MOTIFS DE LA DECISION
L’article R.441-11 du code du travail, dans sa rédaction applicable en la cause, disposait :
“Hors les cas de reconnaissance implicite, et en l’absence de réserves de l’employeur, la caisse primaire assure l’information de la victime, de ses ayants droit et de l’employeur, préalablement à sa décision (de reconnaissance ou pas du caractère professionnel de l’accident ou de la maladie), sur la procédure d’instruction et sur les points susceptibles de leur faire grief”.
Il est acquis aux débats que, la caisse primaire d’assurance maladie, à l’époque d’Angers, a informé la société ACML de la clôture de la procédure d’instruction engagée, suite à la demande de monsieur David Z… de reconnaissance de maladie professionnelle, par lettre recommandée avec accusé de réception en date du 14 juin 2007. Celle-ci sera reproduite ci-après :
“Je vous informe qu’à ce jour l’instruction du dossier est terminée. En effet, aucun élément nouveau ne paraît plus devoir intervenir.
Préalablement à la prise de décision sur le caractère professionnel de lamaladie professionnelle qui interviendra le 26/06/2007. Vos observations éventuelles doivent nous parvenir dans les 48 heures par fax au 02.41.81.77.00, vous avez la possibilité de venir consulter les pièces constitutives du dossier …”.
Il sera rappelé, pour mémoire, que la société ACML a reçu ce courrier quatre jours plus tard, le 18 juin 2007.
Il ressort de la rédaction de la lettre ci-dessus que, la caisse primaire d’assurance maladie n’a laissé que deux jours à la société ACML avant, elle-même, de rendre sa décision.

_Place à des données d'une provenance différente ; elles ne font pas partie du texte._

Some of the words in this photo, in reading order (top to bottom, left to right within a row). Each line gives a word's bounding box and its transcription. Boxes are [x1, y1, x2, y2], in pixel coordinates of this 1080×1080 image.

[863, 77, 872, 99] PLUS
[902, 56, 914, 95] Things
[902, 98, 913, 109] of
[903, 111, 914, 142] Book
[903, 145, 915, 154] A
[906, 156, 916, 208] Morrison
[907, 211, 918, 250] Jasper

Or, le délai en question est destiné à permettre l’exercice effectif du principe de la contradiction, tel que défini par les articles 14, 15 et 16 du code de procédure civile. La caisse primaire d’assurance maladie doit, donc, donner à l’employeur un temps suffisant afin de prendre connaissance des pièces du dossier et, éventuellement y répondre.
L’on n’entrera pas dans les considérations de la caisse primaire d’assurance maladie sur ce qu’aurait pu/dû faire la société ACML. C’est à l’organisme social de réserver le délai nécessaire à l’employeur, pour que ce dernier puisse exercer ses droits.
De même, la tentative de la caisse primaire d’assurance maladie afin de donner une interprétation différente de son courrier, quant au délai octroyé, ne peut être reçue. Dès lors qu’une confusion était possible, du côté de l’employeur, sur le délai de consultation et de prise d’observations qui lui était accordé, s’ensuivait, forcément, pour cet employeur une atteinte au principe du respect du contradictoire.
Par conséquent, un délai de deux jours étant manifestement insuffisant à garantir les droits de la société ACML, la décision de la caisse primaire d’assurance maladie, en date du 26 juin 2007, de prise en charge de la maladie du 4 avril 2007 de monsieur David Z…, au titre de la législation sur les risques professionnels, lui est inopposable.
PAR CES MOTIFS Infirme le jugement déféré.